Print each record exactly as it appears, but drop the images.
------ PROVIDED ENTRIES ------
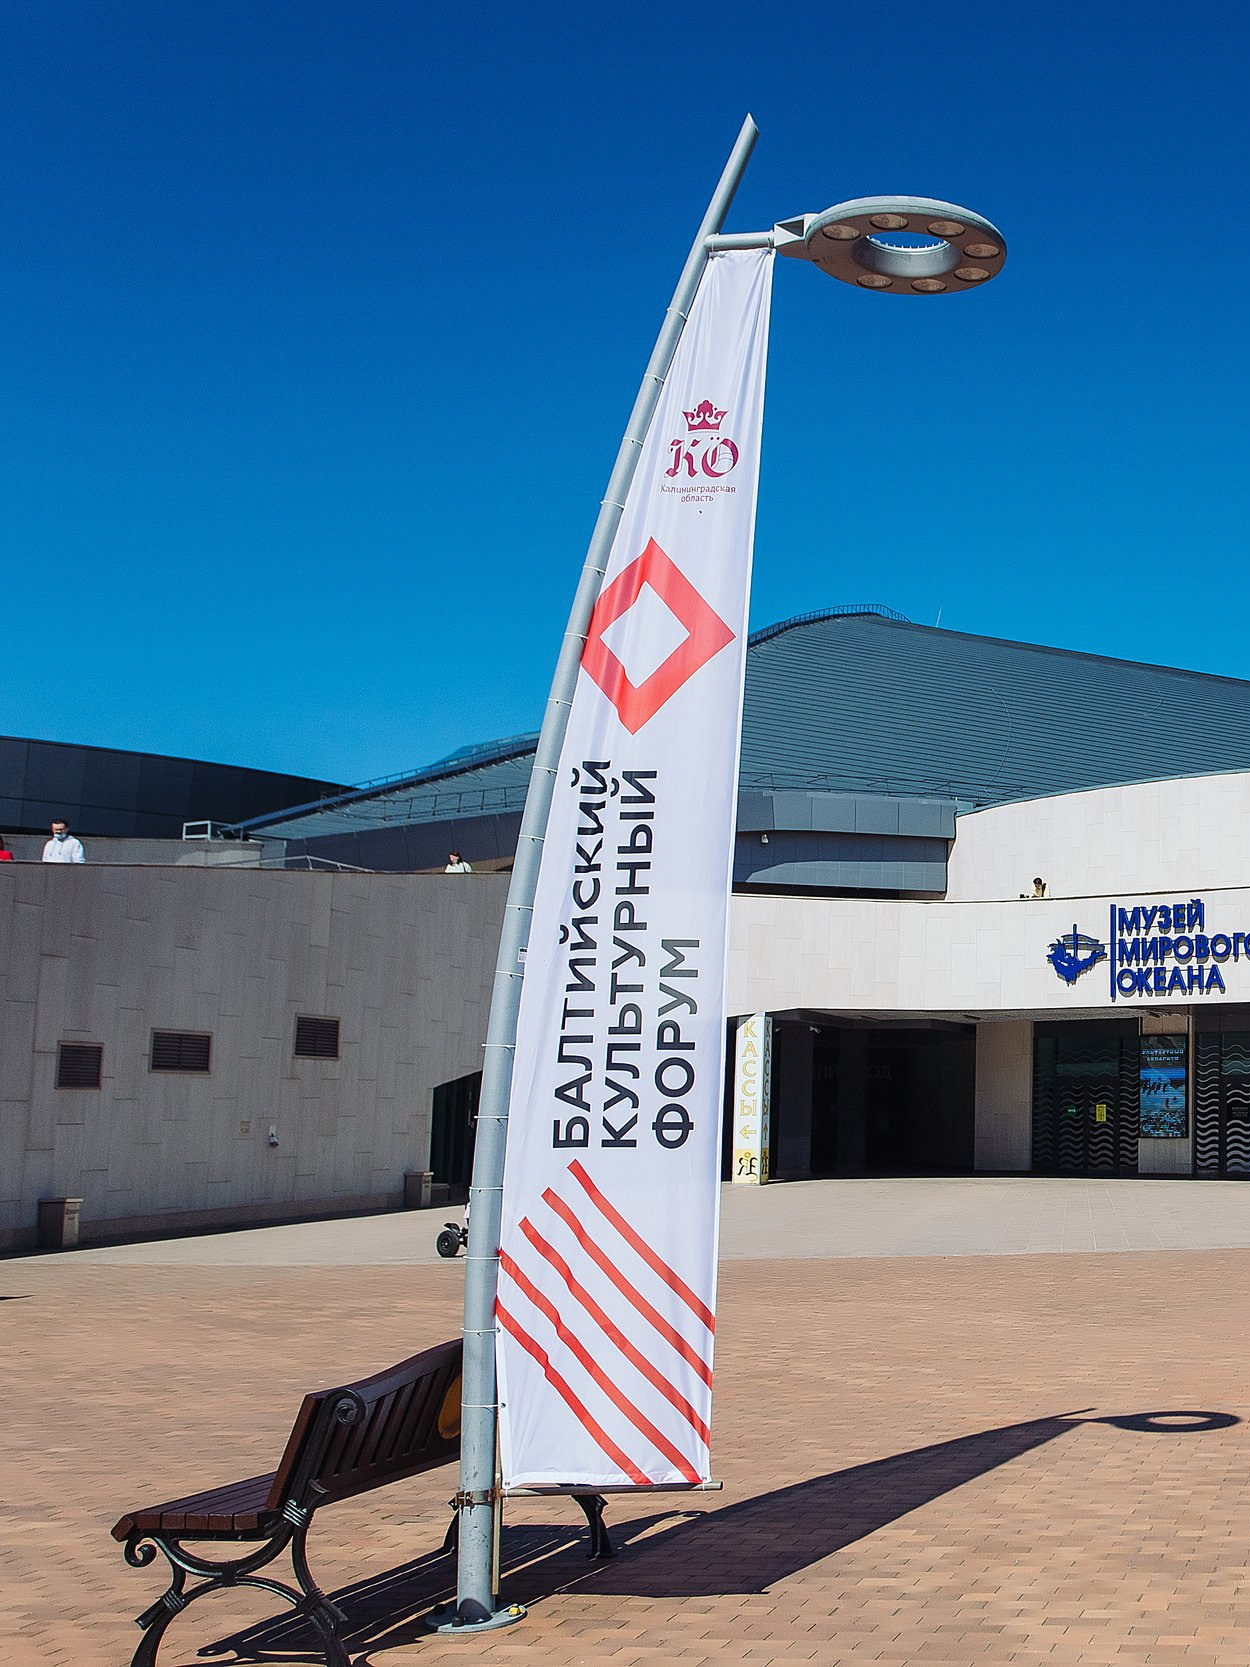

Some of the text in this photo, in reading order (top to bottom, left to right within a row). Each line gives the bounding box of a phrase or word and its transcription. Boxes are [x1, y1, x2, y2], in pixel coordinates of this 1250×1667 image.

[660, 484, 737, 494] Калининградская
[680, 494, 714, 502] область
[1118, 898, 1205, 934] МУЗЕЙ
[552, 760, 611, 1149] БАЛТИЙСКИЙ
[601, 770, 658, 1148] КУЛЬТУРНЫЙ
[1117, 964, 1226, 994] ОКЕАНА
[651, 938, 700, 1149] ФОРУМ
[739, 1021, 759, 1116] КАССЫ
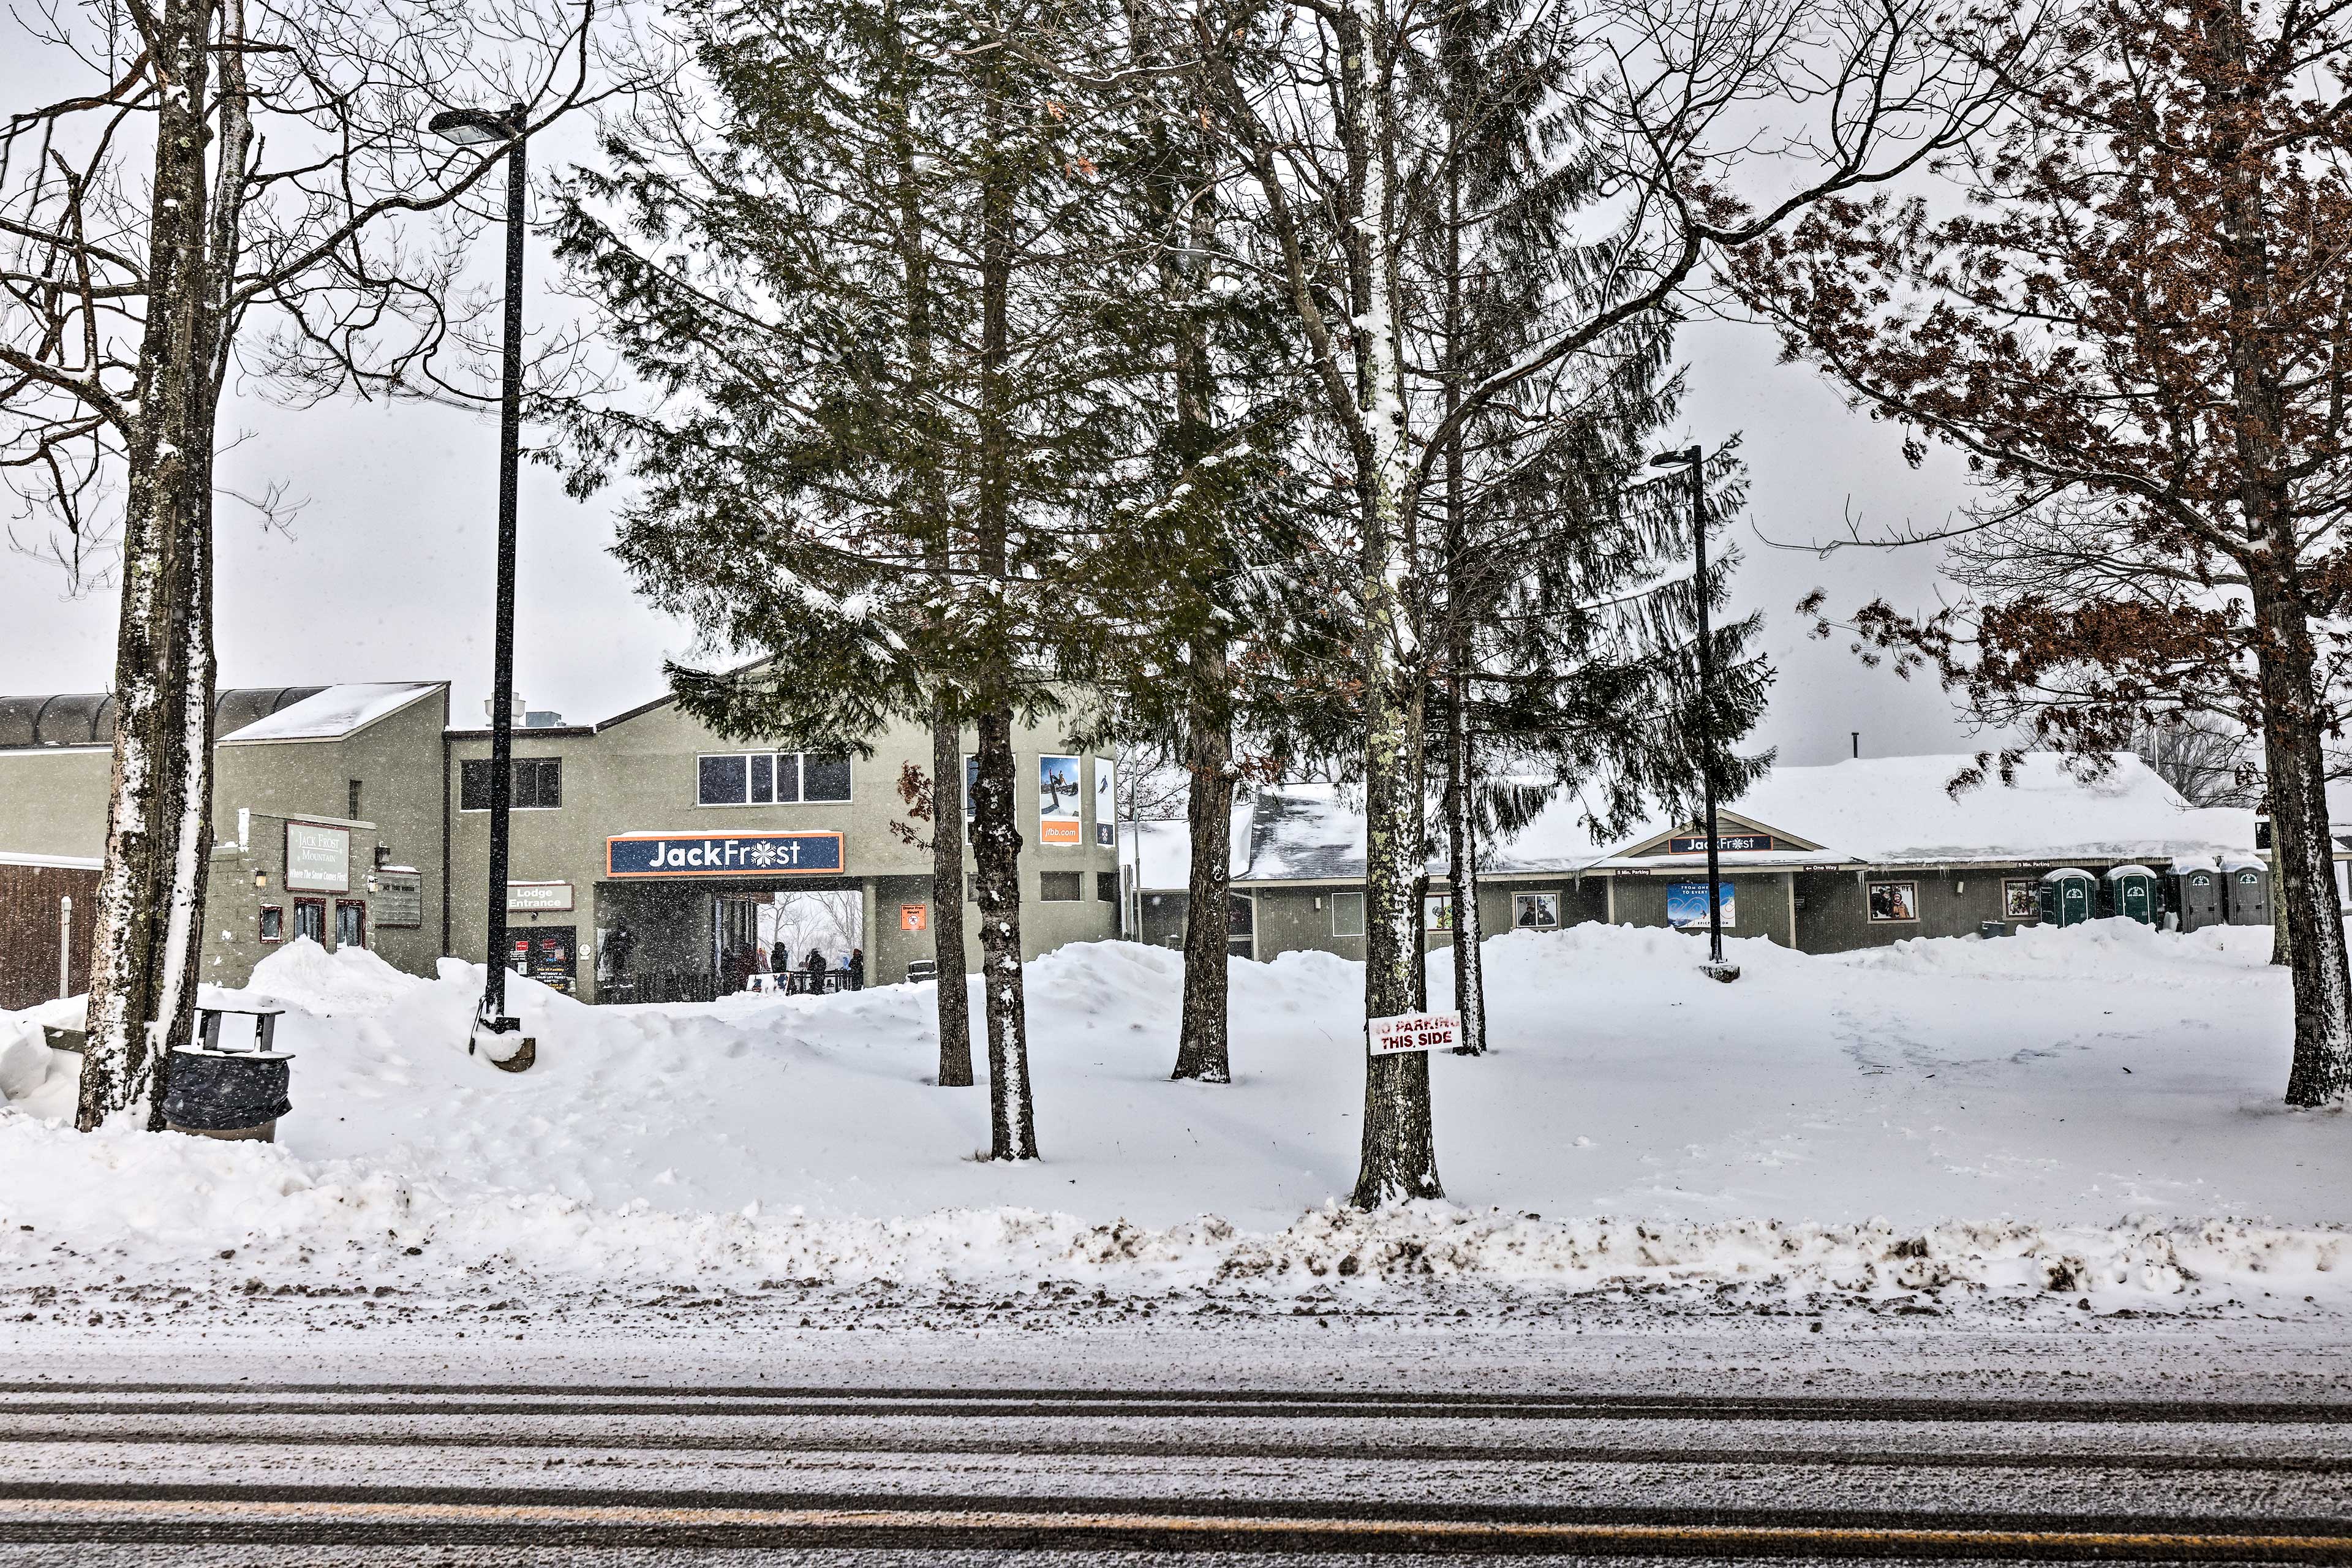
------
OUTPUT OF THE TASK:
Some of the text in this photo, in reading order (top to bottom, left to right within a row). Each line gives the bounding box of a phrase or word and its transcription. Boxes are [x1, y1, x2, y2], in pixel coordinates of this 1250×1667 image.

[660, 484, 737, 494] Калининградская
[680, 494, 714, 502] область
[1118, 898, 1205, 934] МУЗЕЙ
[552, 760, 611, 1149] БАЛТИЙСКИЙ
[601, 770, 658, 1148] КУЛЬТУРНЫЙ
[1117, 964, 1226, 994] ОКЕАНА
[651, 938, 700, 1149] ФОРУМ
[739, 1021, 759, 1116] КАССЫ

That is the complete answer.